From: Joan Pau Beltran
Subject: Re: octcdf questions
Date: Wed, 29 May 2013 12:42:06 +0200

Hi Alexander,

Thank you for your response, now it is clear to me how autonan and autoscale work.
Probably a comment in the documentation's example would help here.
BTW which are the actual names: ncautonan and ncautoscale or autonan and autoscale?
The later are undefined in my version of octave with ocatve-octcdf.

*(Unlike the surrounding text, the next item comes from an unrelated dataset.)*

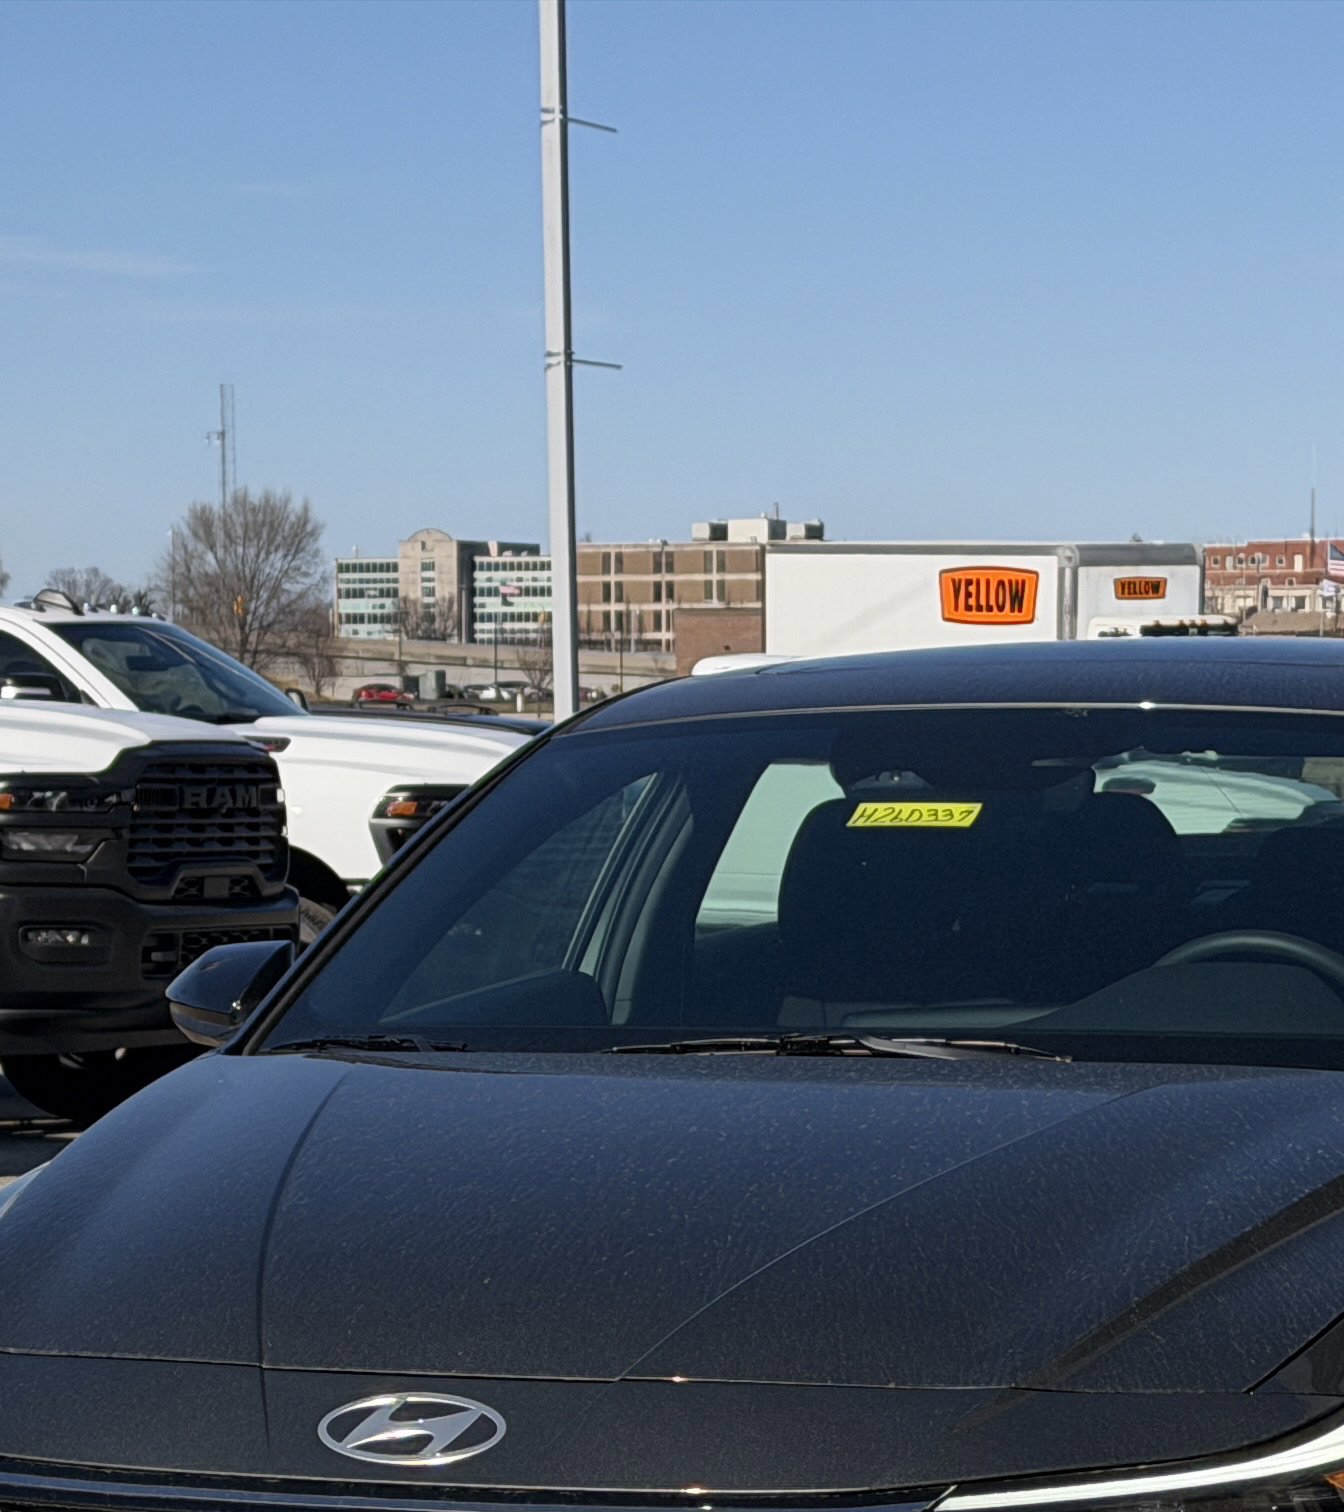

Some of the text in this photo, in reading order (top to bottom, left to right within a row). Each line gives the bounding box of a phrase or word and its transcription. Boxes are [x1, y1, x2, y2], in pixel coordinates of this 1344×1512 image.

Regarding the other failure, I realized it only happens to me with variables with several dimensions (e.g matrices).
This probably points out to a misuse. Let me reword my example (forgetting autonan and autoscale issue):

nc = netcdf('myncfile.nc','c');
nc('dim1') = 3;
nc('dim2') = 2;
nc{'var1'} = ncdouble('dim1');
nc{'var2'} = ncdouble('dim1', 'dim2');
nc{'var1'}(:)   = rand(3,1); % this works.
nc{'var1'}(1:3) = rand(3,1); % this works, too.
nc{'var2'}(:)   = rand(3,2); % this works.
nc{'var2'}(1:6) = rand(3,2); % this fails: octcdf: unknown index specification: type <unknown_type>
nc{'var2'}(:,:)     = rand(3,2); % this works.
nc{'var2'}(1:3,1:2) = rand(3,2); % this works, too.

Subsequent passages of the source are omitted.